Stored data entries
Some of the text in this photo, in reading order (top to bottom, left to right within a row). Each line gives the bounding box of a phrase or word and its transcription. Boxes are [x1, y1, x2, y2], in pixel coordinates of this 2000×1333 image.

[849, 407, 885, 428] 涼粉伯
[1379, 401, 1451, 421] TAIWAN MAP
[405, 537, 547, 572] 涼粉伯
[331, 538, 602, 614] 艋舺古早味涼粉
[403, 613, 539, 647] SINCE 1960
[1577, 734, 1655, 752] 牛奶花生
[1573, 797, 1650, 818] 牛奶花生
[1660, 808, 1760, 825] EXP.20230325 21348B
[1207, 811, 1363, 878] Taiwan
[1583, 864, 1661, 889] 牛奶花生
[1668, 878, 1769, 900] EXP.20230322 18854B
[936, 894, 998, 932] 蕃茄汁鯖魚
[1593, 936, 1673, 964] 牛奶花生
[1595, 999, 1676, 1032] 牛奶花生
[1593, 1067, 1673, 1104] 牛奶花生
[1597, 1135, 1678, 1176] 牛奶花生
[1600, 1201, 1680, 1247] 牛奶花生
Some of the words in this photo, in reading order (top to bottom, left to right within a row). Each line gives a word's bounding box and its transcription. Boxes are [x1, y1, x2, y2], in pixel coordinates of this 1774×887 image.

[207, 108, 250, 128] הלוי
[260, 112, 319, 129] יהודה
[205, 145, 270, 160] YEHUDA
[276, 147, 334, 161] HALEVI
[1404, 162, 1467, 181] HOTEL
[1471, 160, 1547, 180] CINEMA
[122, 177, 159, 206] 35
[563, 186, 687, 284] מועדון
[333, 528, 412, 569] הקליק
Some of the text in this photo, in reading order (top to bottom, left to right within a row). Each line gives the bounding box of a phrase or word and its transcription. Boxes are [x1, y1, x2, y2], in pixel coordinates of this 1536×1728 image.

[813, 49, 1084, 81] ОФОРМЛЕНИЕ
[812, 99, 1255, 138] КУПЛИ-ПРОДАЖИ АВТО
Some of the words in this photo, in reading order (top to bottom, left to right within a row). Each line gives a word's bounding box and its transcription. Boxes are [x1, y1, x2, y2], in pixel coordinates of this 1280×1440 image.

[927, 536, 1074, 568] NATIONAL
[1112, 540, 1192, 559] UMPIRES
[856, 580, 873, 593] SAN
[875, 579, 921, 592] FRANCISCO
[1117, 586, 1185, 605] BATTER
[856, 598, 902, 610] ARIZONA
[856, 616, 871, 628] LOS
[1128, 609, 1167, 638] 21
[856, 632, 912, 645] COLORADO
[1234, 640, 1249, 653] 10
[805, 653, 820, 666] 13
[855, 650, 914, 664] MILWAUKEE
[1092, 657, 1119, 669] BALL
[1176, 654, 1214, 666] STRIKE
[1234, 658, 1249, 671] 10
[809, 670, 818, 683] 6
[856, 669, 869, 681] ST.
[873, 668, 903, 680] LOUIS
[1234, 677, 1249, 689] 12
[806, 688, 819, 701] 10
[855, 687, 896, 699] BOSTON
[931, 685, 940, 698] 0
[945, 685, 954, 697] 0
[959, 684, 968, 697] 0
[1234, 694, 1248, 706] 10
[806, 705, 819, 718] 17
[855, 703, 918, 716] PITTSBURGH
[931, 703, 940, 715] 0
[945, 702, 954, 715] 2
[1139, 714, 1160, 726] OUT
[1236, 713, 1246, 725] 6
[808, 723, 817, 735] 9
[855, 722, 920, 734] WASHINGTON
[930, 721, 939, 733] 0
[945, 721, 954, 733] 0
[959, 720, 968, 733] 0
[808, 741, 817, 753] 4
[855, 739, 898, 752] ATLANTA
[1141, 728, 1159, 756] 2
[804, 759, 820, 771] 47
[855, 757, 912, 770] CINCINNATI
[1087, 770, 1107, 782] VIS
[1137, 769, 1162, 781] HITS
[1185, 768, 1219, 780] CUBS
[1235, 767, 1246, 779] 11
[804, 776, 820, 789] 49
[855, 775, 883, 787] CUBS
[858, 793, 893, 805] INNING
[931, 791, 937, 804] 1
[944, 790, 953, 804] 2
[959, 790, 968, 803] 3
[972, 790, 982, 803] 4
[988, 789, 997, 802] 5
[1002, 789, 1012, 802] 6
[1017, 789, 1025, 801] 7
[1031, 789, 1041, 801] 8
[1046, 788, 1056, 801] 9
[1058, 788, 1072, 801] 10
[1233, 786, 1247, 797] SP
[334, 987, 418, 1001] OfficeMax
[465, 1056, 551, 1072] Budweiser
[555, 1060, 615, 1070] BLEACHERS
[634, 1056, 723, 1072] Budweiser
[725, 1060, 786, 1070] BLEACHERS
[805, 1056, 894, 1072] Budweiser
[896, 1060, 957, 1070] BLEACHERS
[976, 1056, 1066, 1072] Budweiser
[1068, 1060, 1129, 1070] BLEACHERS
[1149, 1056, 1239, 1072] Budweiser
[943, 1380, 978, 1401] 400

## TASK DESCRIPTION
Exact repetition of every record is required.

## SOLUTION FOR THIS TASK
Some of the text in this photo, in reading order (top to bottom, left to right within a row). Each line gives the bounding box of a phrase or word and its transcription. Boxes are [x1, y1, x2, y2], in pixel coordinates of this 2000×1333 image.

[849, 407, 885, 428] 涼粉伯
[1379, 401, 1451, 421] TAIWAN MAP
[405, 537, 547, 572] 涼粉伯
[331, 538, 602, 614] 艋舺古早味涼粉
[403, 613, 539, 647] SINCE 1960
[1577, 734, 1655, 752] 牛奶花生
[1573, 797, 1650, 818] 牛奶花生
[1660, 808, 1760, 825] EXP.20230325 21348B
[1207, 811, 1363, 878] Taiwan
[1583, 864, 1661, 889] 牛奶花生
[1668, 878, 1769, 900] EXP.20230322 18854B
[936, 894, 998, 932] 蕃茄汁鯖魚
[1593, 936, 1673, 964] 牛奶花生
[1595, 999, 1676, 1032] 牛奶花生
[1593, 1067, 1673, 1104] 牛奶花生
[1597, 1135, 1678, 1176] 牛奶花生
[1600, 1201, 1680, 1247] 牛奶花生
Some of the words in this photo, in reading order (top to bottom, left to right within a row). Each line gives a word's bounding box and its transcription. Boxes are [x1, y1, x2, y2], in pixel coordinates of this 1774×887 image.

[207, 108, 250, 128] הלוי
[260, 112, 319, 129] יהודה
[205, 145, 270, 160] YEHUDA
[276, 147, 334, 161] HALEVI
[1404, 162, 1467, 181] HOTEL
[1471, 160, 1547, 180] CINEMA
[122, 177, 159, 206] 35
[563, 186, 687, 284] מועדון
[333, 528, 412, 569] הקליק
Some of the text in this photo, in reading order (top to bottom, left to right within a row). Each line gives the bounding box of a phrase or word and its transcription. Boxes are [x1, y1, x2, y2], in pixel coordinates of this 1536×1728 image.

[813, 49, 1084, 81] ОФОРМЛЕНИЕ
[812, 99, 1255, 138] КУПЛИ-ПРОДАЖИ АВТО
Some of the words in this photo, in reading order (top to bottom, left to right within a row). Each line gives a word's bounding box and its transcription. Boxes are [x1, y1, x2, y2], in pixel coordinates of this 1280×1440 image.

[927, 536, 1074, 568] NATIONAL
[1112, 540, 1192, 559] UMPIRES
[856, 580, 873, 593] SAN
[875, 579, 921, 592] FRANCISCO
[1117, 586, 1185, 605] BATTER
[856, 598, 902, 610] ARIZONA
[856, 616, 871, 628] LOS
[1128, 609, 1167, 638] 21
[856, 632, 912, 645] COLORADO
[1234, 640, 1249, 653] 10
[805, 653, 820, 666] 13
[855, 650, 914, 664] MILWAUKEE
[1092, 657, 1119, 669] BALL
[1176, 654, 1214, 666] STRIKE
[1234, 658, 1249, 671] 10
[809, 670, 818, 683] 6
[856, 669, 869, 681] ST.
[873, 668, 903, 680] LOUIS
[1234, 677, 1249, 689] 12
[806, 688, 819, 701] 10
[855, 687, 896, 699] BOSTON
[931, 685, 940, 698] 0
[945, 685, 954, 697] 0
[959, 684, 968, 697] 0
[1234, 694, 1248, 706] 10
[806, 705, 819, 718] 17
[855, 703, 918, 716] PITTSBURGH
[931, 703, 940, 715] 0
[945, 702, 954, 715] 2
[1139, 714, 1160, 726] OUT
[1236, 713, 1246, 725] 6
[808, 723, 817, 735] 9
[855, 722, 920, 734] WASHINGTON
[930, 721, 939, 733] 0
[945, 721, 954, 733] 0
[959, 720, 968, 733] 0
[808, 741, 817, 753] 4
[855, 739, 898, 752] ATLANTA
[1141, 728, 1159, 756] 2
[804, 759, 820, 771] 47
[855, 757, 912, 770] CINCINNATI
[1087, 770, 1107, 782] VIS
[1137, 769, 1162, 781] HITS
[1185, 768, 1219, 780] CUBS
[1235, 767, 1246, 779] 11
[804, 776, 820, 789] 49
[855, 775, 883, 787] CUBS
[858, 793, 893, 805] INNING
[931, 791, 937, 804] 1
[944, 790, 953, 804] 2
[959, 790, 968, 803] 3
[972, 790, 982, 803] 4
[988, 789, 997, 802] 5
[1002, 789, 1012, 802] 6
[1017, 789, 1025, 801] 7
[1031, 789, 1041, 801] 8
[1046, 788, 1056, 801] 9
[1058, 788, 1072, 801] 10
[1233, 786, 1247, 797] SP
[334, 987, 418, 1001] OfficeMax
[465, 1056, 551, 1072] Budweiser
[555, 1060, 615, 1070] BLEACHERS
[634, 1056, 723, 1072] Budweiser
[725, 1060, 786, 1070] BLEACHERS
[805, 1056, 894, 1072] Budweiser
[896, 1060, 957, 1070] BLEACHERS
[976, 1056, 1066, 1072] Budweiser
[1068, 1060, 1129, 1070] BLEACHERS
[1149, 1056, 1239, 1072] Budweiser
[943, 1380, 978, 1401] 400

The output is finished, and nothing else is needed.